First up is Armin with his review of Ich kann dich noch sehen (an diesen Tagen)/ Days you’ll find me (in a place I like to go) by Simoné Goldschmidt-Lechner. The book will be published on May 2, 2024 in a German-English version by Rohstoff, a publishing project by Matthes & Seitz.
 

Simoné Goldschmidt-Lechner already made a stir with the short, dense chapters and abstract figures of her debut novel Messer, Zungen [Knives, Tongues] (2022). Her bilingual novella Ich kann dich noch sehen (an diesen Tagen) / Days you’ll find me (in a place I like to go) is a quick read, almost a rushing current. We can turn the book and switch between German and English, and here, too (as with her debut novel), the author creates transatlantic networks of solidarity: the text highlights polyphony; it does not function in one single language.

Over seventy compact pages, we accompany Rahel to the police station where she reports a rape. Finn, her oldest and closest childhood friend is at her side.  When Rahel hears piano music coming from the end of the hall, Finn takes her arm: the perpetrator is a pianist, and his melodies still follow her to the present day. In some passages, the author employs an unnamed narrative voice, sometimes fragmentary ideas, often it is the words of the perpetrator spoken at an unknown time.

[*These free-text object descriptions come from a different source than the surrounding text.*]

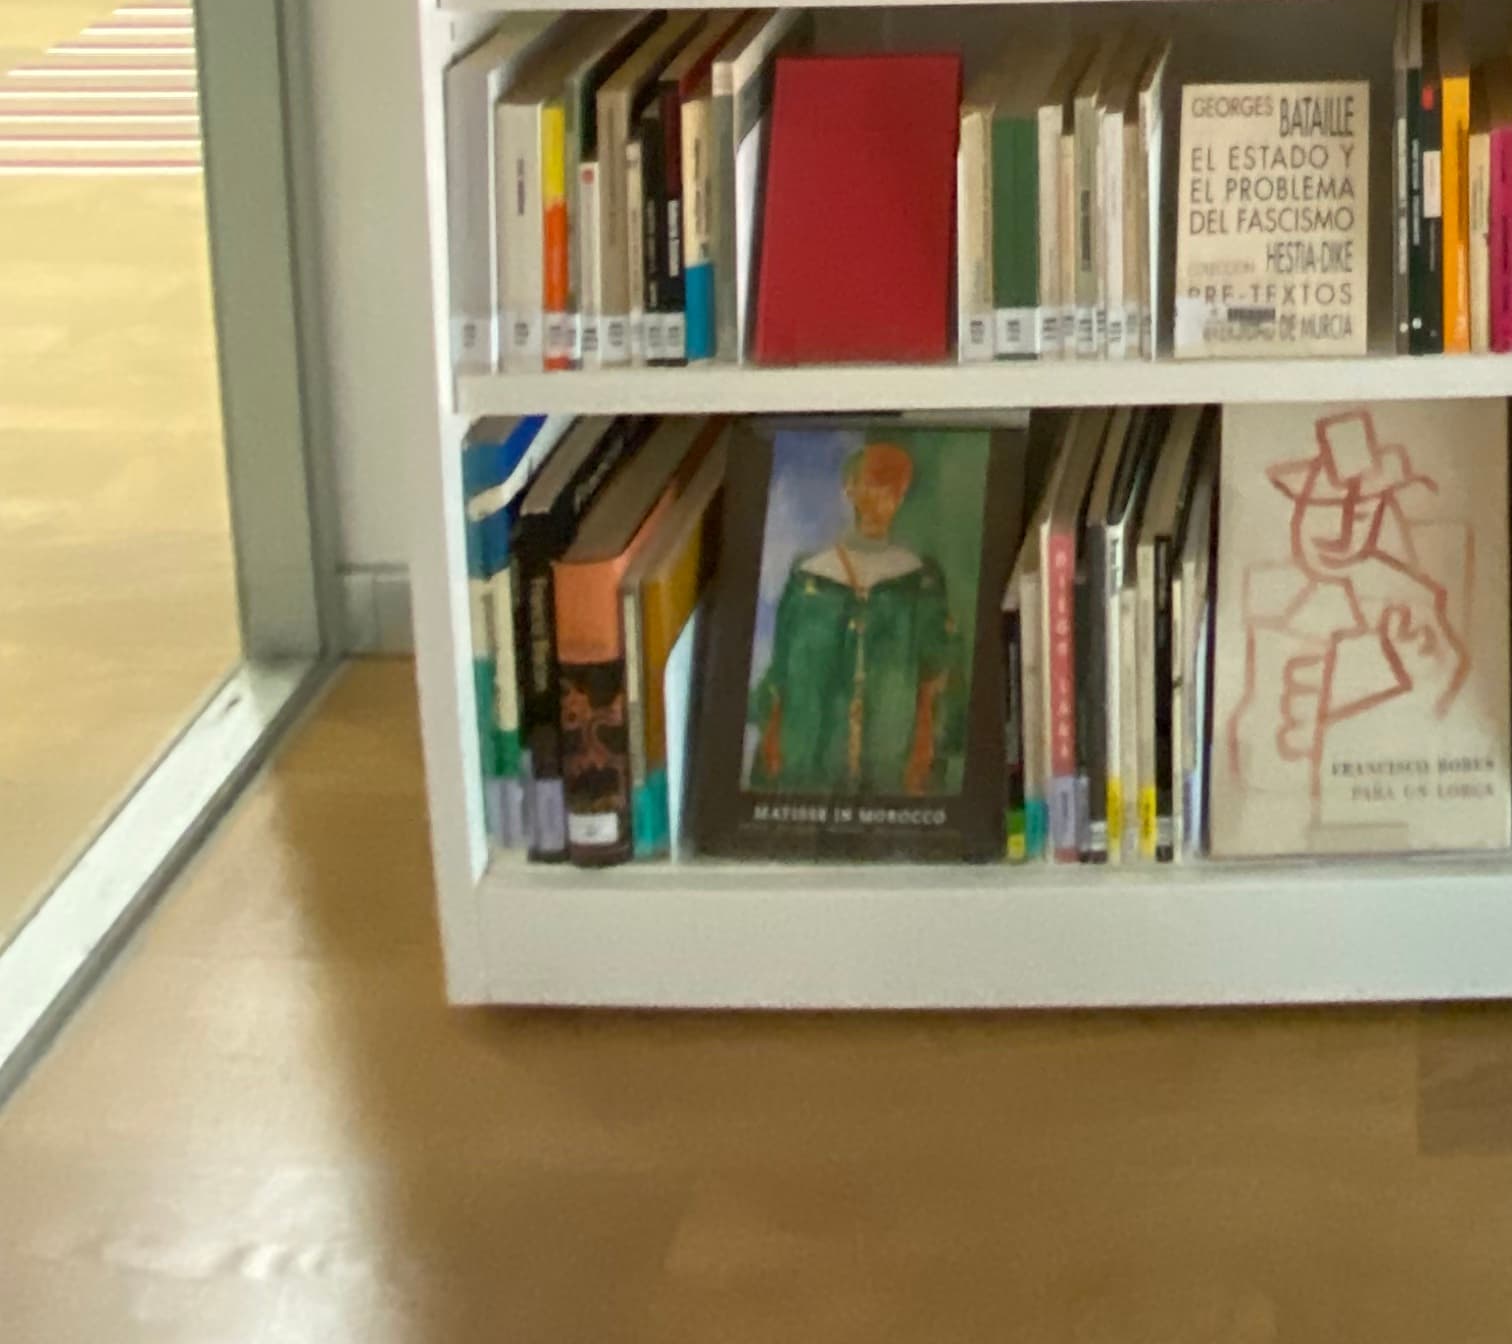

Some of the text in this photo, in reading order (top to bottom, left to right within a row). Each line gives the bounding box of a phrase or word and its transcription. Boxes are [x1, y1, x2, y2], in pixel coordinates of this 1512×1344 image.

[1191, 96, 1356, 139] GEORGES BATAILLE
[1191, 144, 1354, 172] EL ESTADO Y
[1190, 176, 1355, 202] EL PROBLEMA
[1189, 206, 1355, 234] DEL FASCISMO
[1301, 313, 1353, 340] MURCIA
[1331, 760, 1429, 777] FRANCISCO
[753, 805, 947, 826] MATISSE IN MOROCCO
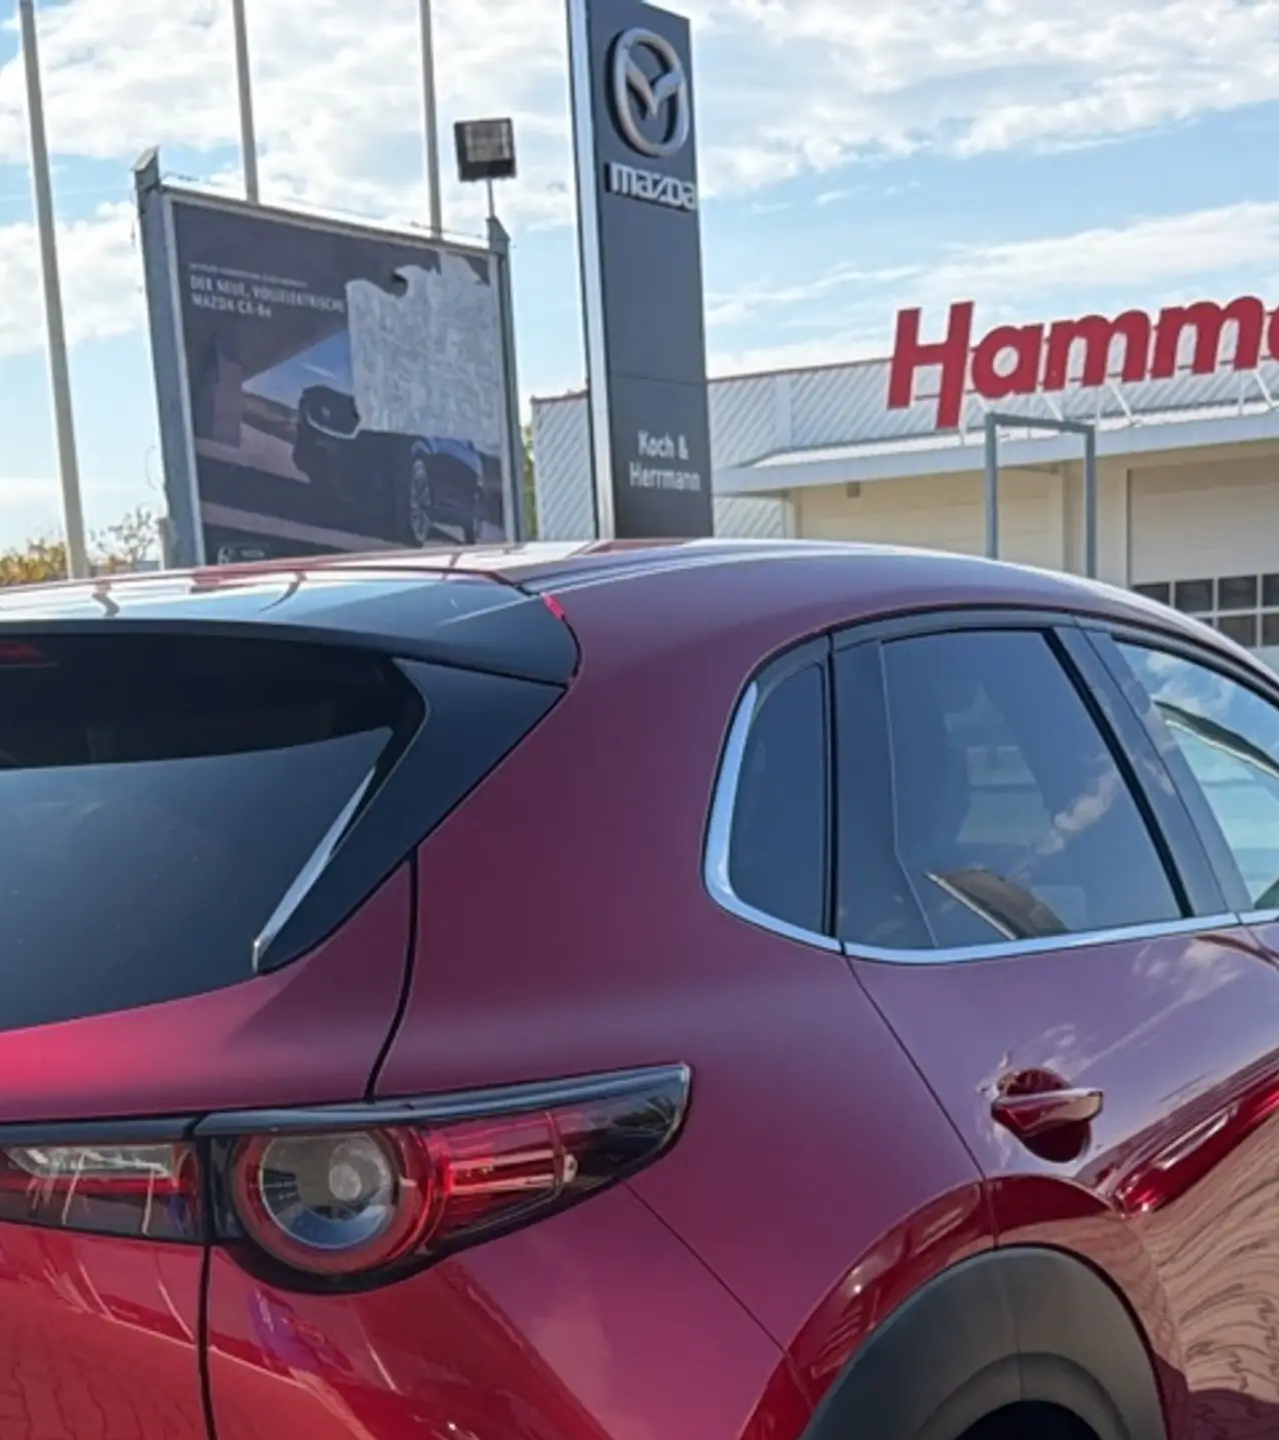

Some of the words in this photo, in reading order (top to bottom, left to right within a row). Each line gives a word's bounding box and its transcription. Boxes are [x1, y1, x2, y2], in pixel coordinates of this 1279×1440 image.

[610, 161, 696, 210] mazda
[637, 430, 675, 458] Koch
[629, 461, 701, 491] Herrmann

But this voice never seems to take up space; it remains Rahel who tells us her story. Together with the protagonist, we fantasize about tearing the keys from his piano, dangling them before him, and so taking back a bit of justice for Rahel. But the novella is also concerned with the protagonist’s discomfort, the experiences of seeking help from those who often leave racialized people in the lurch. Going back and reporting to the same police who took Finn away in handcuffs as a teenager. Rahel’s thoughts often return to the sixteen-year-old Mouhamed Dramé who was shot five times and murdered during a mental health crisis. Real victims become a part of the novella’s fabric, not merely through interpolation and asides: the testimonials of those who have experienced violence become part of Rahel’s story.
 

The criminalization of other victims shows the protagonist that the law does not mean justice. Alongside the perpetrator, Rahel also addresses the reader indirectly. She thinks people might wonder why she thinks more about Finn’s arrest during their youth after the rape than she does about the years that transpired after.

SGL’s novella inspires fascination because she manages to combine serious topics like sexualized violence and racist police brutality in a short narrative and still do justice to them both while also asking critical questions about forms of both resistance and guilt. The text criticizes society’s tendency to place the blame for violence back on the bodies of marginalized victims and is a return to the essentials: siblinghood.